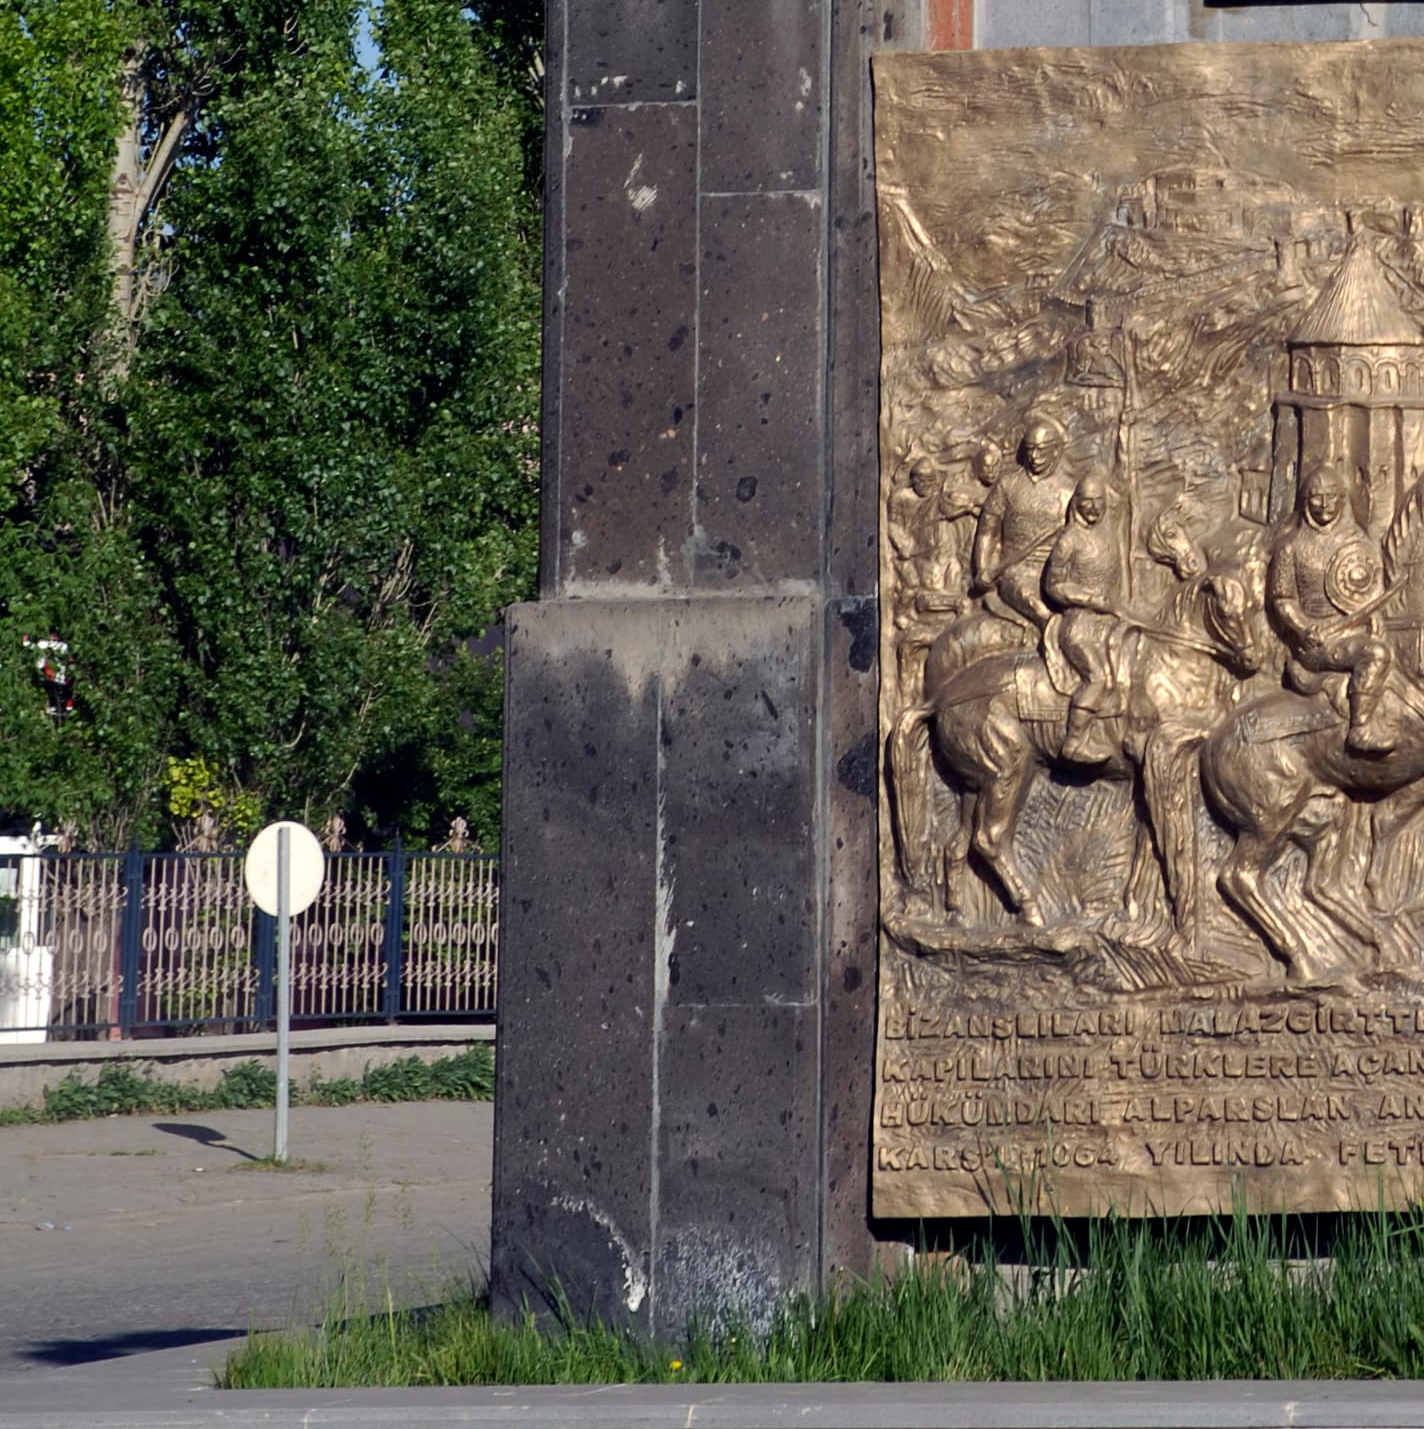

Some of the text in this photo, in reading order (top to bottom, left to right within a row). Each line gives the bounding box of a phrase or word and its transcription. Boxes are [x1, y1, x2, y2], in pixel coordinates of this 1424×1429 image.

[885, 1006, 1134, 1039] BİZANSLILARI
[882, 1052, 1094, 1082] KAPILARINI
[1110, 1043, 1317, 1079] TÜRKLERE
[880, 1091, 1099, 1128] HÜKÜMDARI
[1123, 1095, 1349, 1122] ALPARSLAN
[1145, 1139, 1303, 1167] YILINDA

### Exercise goal
Everything in the data except the pictures should be restated word for word.

### Written solution
Some of the text in this photo, in reading order (top to bottom, left to right within a row). Each line gives the bounding box of a phrase or word and its transcription. Boxes are [x1, y1, x2, y2], in pixel coordinates of this 1424×1429 image.

[885, 1006, 1134, 1039] BİZANSLILARI
[882, 1052, 1094, 1082] KAPILARINI
[1110, 1043, 1317, 1079] TÜRKLERE
[880, 1091, 1099, 1128] HÜKÜMDARI
[1123, 1095, 1349, 1122] ALPARSLAN
[1145, 1139, 1303, 1167] YILINDA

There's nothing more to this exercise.